### Exercise description
Every entry below should be written out exactly, and no image should appear.

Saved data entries

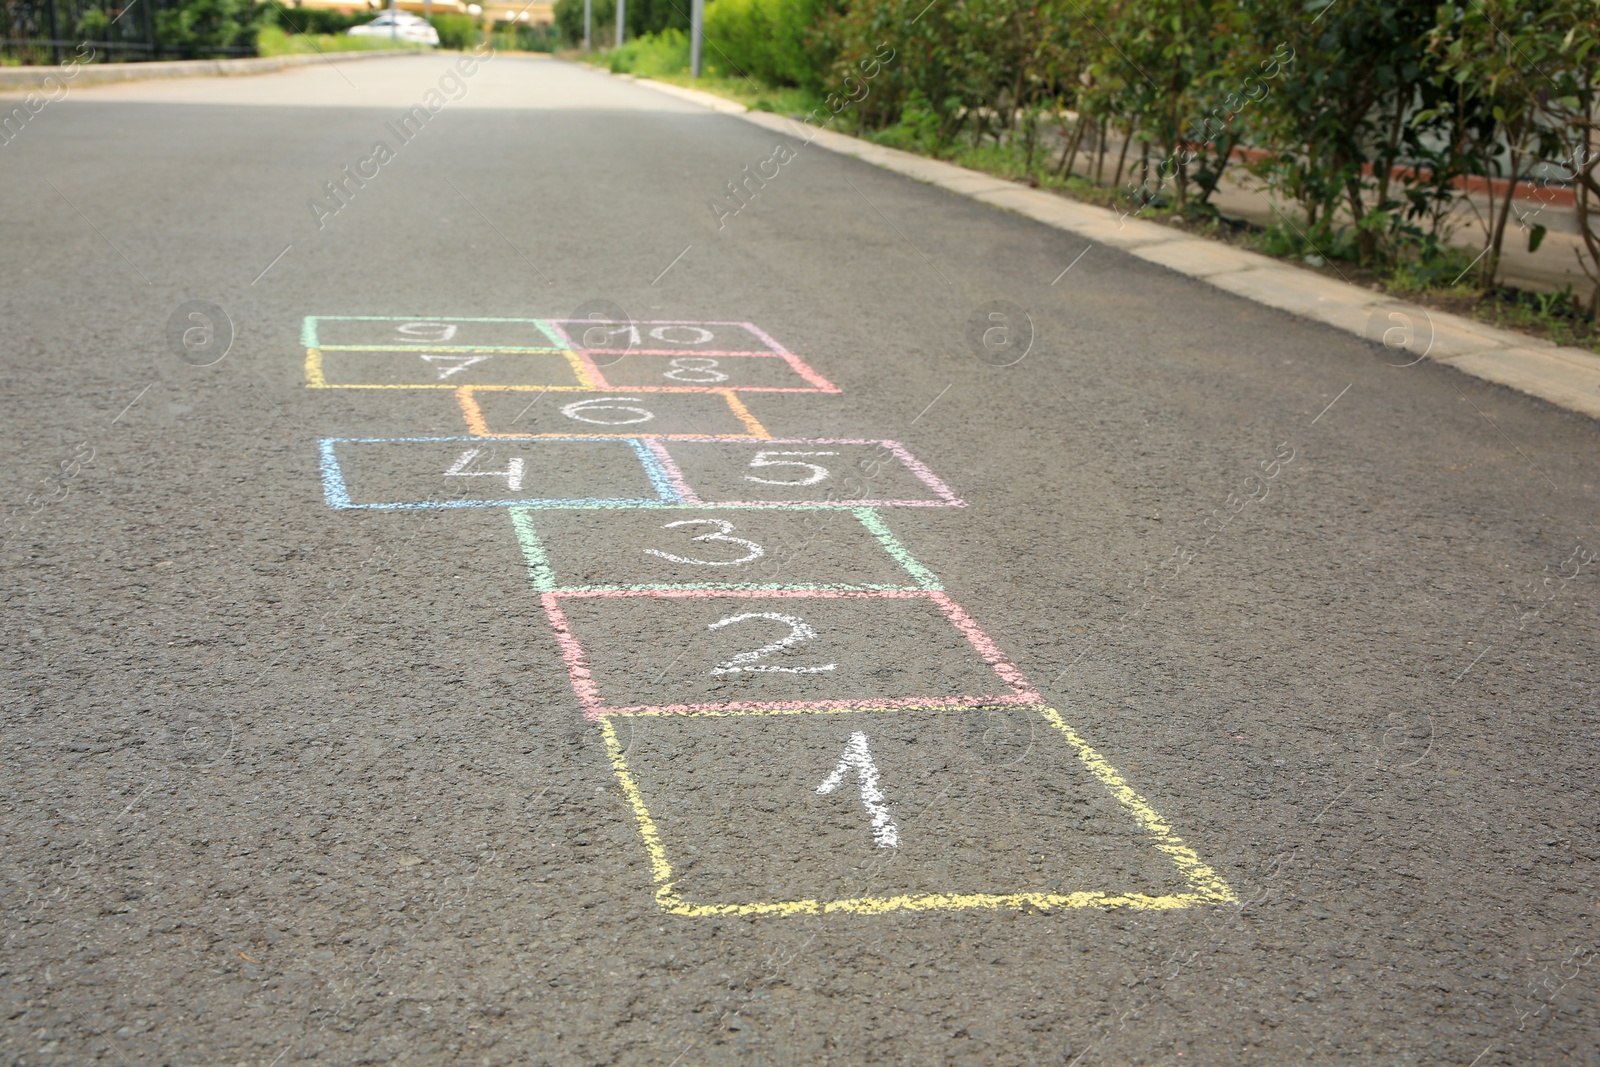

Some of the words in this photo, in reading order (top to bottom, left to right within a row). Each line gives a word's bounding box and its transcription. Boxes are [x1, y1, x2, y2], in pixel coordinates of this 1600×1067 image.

[394, 322, 457, 342] 9
[608, 325, 714, 344] 10
[420, 354, 494, 380] 7
[664, 357, 729, 382] 8
[560, 397, 655, 425] 6
[443, 448, 525, 492] 4
[744, 451, 839, 486] 5
[644, 518, 764, 566] 3
[708, 612, 837, 677] 2
[815, 730, 898, 848] 1
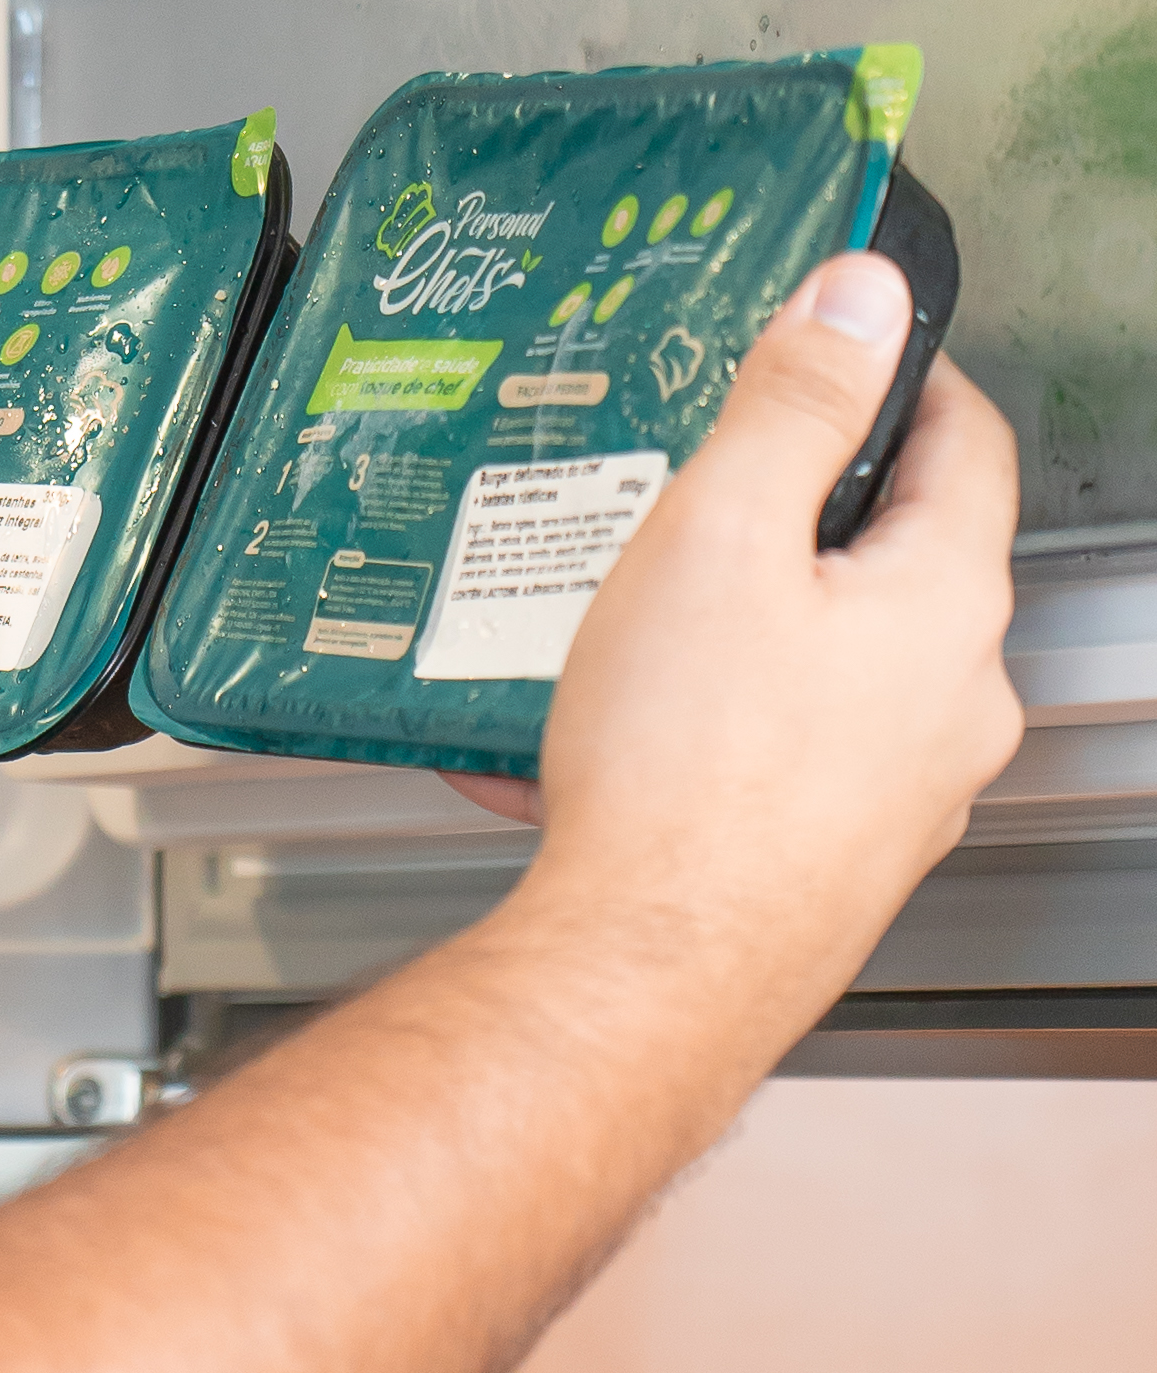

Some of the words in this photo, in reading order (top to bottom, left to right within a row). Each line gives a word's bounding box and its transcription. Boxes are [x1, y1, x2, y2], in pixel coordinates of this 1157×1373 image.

[453, 190, 556, 240] Personal
[339, 356, 419, 376] Praticidade
[432, 356, 480, 373] saúde
[330, 382, 359, 398] com
[359, 379, 402, 396] toque
[403, 378, 422, 394] de
[424, 378, 465, 396] chef
[274, 460, 293, 495] 1
[348, 453, 370, 491] 3
[244, 519, 270, 555] 2

### Answer area
Some of the words in this photo, in reading order (top to bottom, left to right within a row). Each line gives a word's bounding box and its transcription. Boxes are [x1, y1, x2, y2], in pixel coordinates of this 1600×1067 image.

[394, 322, 457, 342] 9
[608, 325, 714, 344] 10
[420, 354, 494, 380] 7
[664, 357, 729, 382] 8
[560, 397, 655, 425] 6
[443, 448, 525, 492] 4
[744, 451, 839, 486] 5
[644, 518, 764, 566] 3
[708, 612, 837, 677] 2
[815, 730, 898, 848] 1

Some of the words in this photo, in reading order (top to bottom, left to right within a row). Each line gives a word's bounding box and its transcription. Boxes are [x1, y1, x2, y2], in pixel coordinates of this 1157×1373 image.

[453, 190, 556, 240] Personal
[339, 356, 419, 376] Praticidade
[432, 356, 480, 373] saúde
[330, 382, 359, 398] com
[359, 379, 402, 396] toque
[403, 378, 422, 394] de
[424, 378, 465, 396] chef
[274, 460, 293, 495] 1
[348, 453, 370, 491] 3
[244, 519, 270, 555] 2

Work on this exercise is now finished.